From the first entry to the last, repeat them all exactly.

[Saved entries]
====

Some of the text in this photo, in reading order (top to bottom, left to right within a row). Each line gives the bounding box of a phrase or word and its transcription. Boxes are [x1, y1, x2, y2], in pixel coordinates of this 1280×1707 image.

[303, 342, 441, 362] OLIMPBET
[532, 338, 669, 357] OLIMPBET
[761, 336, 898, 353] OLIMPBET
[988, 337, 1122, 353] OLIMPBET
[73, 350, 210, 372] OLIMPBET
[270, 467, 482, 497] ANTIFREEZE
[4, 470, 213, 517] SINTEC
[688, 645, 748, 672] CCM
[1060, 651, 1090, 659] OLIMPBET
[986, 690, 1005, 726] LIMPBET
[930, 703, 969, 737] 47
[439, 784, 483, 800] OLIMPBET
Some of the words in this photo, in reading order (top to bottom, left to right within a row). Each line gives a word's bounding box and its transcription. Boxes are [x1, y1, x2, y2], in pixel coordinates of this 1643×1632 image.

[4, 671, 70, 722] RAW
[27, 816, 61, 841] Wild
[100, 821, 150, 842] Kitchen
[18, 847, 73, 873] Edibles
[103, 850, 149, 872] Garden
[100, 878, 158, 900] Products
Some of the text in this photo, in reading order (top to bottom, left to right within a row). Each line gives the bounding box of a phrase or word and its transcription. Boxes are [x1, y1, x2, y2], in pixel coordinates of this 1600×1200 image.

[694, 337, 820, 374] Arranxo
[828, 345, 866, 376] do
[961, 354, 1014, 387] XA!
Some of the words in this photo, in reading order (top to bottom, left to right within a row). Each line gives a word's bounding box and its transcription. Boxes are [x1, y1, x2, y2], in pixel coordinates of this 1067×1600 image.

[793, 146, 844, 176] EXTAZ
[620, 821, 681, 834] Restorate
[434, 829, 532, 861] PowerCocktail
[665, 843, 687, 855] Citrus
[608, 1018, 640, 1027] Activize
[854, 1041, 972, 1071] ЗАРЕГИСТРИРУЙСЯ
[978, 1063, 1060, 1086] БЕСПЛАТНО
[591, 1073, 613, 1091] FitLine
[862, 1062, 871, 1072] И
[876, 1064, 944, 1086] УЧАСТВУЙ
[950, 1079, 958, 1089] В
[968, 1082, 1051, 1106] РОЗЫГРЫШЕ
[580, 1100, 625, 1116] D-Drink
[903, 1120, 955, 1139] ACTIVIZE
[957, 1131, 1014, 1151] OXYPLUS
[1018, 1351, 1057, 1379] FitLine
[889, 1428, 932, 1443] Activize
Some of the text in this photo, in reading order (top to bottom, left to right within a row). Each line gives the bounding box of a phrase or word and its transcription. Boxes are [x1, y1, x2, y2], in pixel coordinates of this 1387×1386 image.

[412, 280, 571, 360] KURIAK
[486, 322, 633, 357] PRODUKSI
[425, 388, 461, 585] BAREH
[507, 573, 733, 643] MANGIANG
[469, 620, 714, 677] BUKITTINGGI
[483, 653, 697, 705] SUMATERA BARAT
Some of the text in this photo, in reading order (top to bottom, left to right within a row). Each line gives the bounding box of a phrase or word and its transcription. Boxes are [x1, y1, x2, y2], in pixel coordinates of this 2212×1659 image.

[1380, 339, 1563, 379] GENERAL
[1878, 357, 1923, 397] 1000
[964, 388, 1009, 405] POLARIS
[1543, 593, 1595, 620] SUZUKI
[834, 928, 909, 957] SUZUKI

====

■ EXERCISE RESPONSE:
Some of the text in this photo, in reading order (top to bottom, left to right within a row). Each line gives the bounding box of a phrase or word and its transcription. Boxes are [x1, y1, x2, y2], in pixel coordinates of this 1280×1707 image.

[303, 342, 441, 362] OLIMPBET
[532, 338, 669, 357] OLIMPBET
[761, 336, 898, 353] OLIMPBET
[988, 337, 1122, 353] OLIMPBET
[73, 350, 210, 372] OLIMPBET
[270, 467, 482, 497] ANTIFREEZE
[4, 470, 213, 517] SINTEC
[688, 645, 748, 672] CCM
[1060, 651, 1090, 659] OLIMPBET
[986, 690, 1005, 726] LIMPBET
[930, 703, 969, 737] 47
[439, 784, 483, 800] OLIMPBET
Some of the words in this photo, in reading order (top to bottom, left to right within a row). Each line gives a word's bounding box and its transcription. Boxes are [x1, y1, x2, y2], in pixel coordinates of this 1643×1632 image.

[4, 671, 70, 722] RAW
[27, 816, 61, 841] Wild
[100, 821, 150, 842] Kitchen
[18, 847, 73, 873] Edibles
[103, 850, 149, 872] Garden
[100, 878, 158, 900] Products
Some of the text in this photo, in reading order (top to bottom, left to right within a row). Each line gives the bounding box of a phrase or word and its transcription. Boxes are [x1, y1, x2, y2], in pixel coordinates of this 1600×1200 image.

[694, 337, 820, 374] Arranxo
[828, 345, 866, 376] do
[961, 354, 1014, 387] XA!
Some of the words in this photo, in reading order (top to bottom, left to right within a row). Each line gives a word's bounding box and its transcription. Boxes are [x1, y1, x2, y2], in pixel coordinates of this 1067×1600 image.

[793, 146, 844, 176] EXTAZ
[620, 821, 681, 834] Restorate
[434, 829, 532, 861] PowerCocktail
[665, 843, 687, 855] Citrus
[608, 1018, 640, 1027] Activize
[854, 1041, 972, 1071] ЗАРЕГИСТРИРУЙСЯ
[978, 1063, 1060, 1086] БЕСПЛАТНО
[591, 1073, 613, 1091] FitLine
[862, 1062, 871, 1072] И
[876, 1064, 944, 1086] УЧАСТВУЙ
[950, 1079, 958, 1089] В
[968, 1082, 1051, 1106] РОЗЫГРЫШЕ
[580, 1100, 625, 1116] D-Drink
[903, 1120, 955, 1139] ACTIVIZE
[957, 1131, 1014, 1151] OXYPLUS
[1018, 1351, 1057, 1379] FitLine
[889, 1428, 932, 1443] Activize
Some of the text in this photo, in reading order (top to bottom, left to right within a row). Each line gives the bounding box of a phrase or word and its transcription. Boxes are [x1, y1, x2, y2], in pixel coordinates of this 1387×1386 image.

[412, 280, 571, 360] KURIAK
[486, 322, 633, 357] PRODUKSI
[425, 388, 461, 585] BAREH
[507, 573, 733, 643] MANGIANG
[469, 620, 714, 677] BUKITTINGGI
[483, 653, 697, 705] SUMATERA BARAT
Some of the text in this photo, in reading order (top to bottom, left to right within a row). Each line gives the bounding box of a phrase or word and its transcription. Boxes are [x1, y1, x2, y2], in pixel coordinates of this 2212×1659 image.

[1380, 339, 1563, 379] GENERAL
[1878, 357, 1923, 397] 1000
[964, 388, 1009, 405] POLARIS
[1543, 593, 1595, 620] SUZUKI
[834, 928, 909, 957] SUZUKI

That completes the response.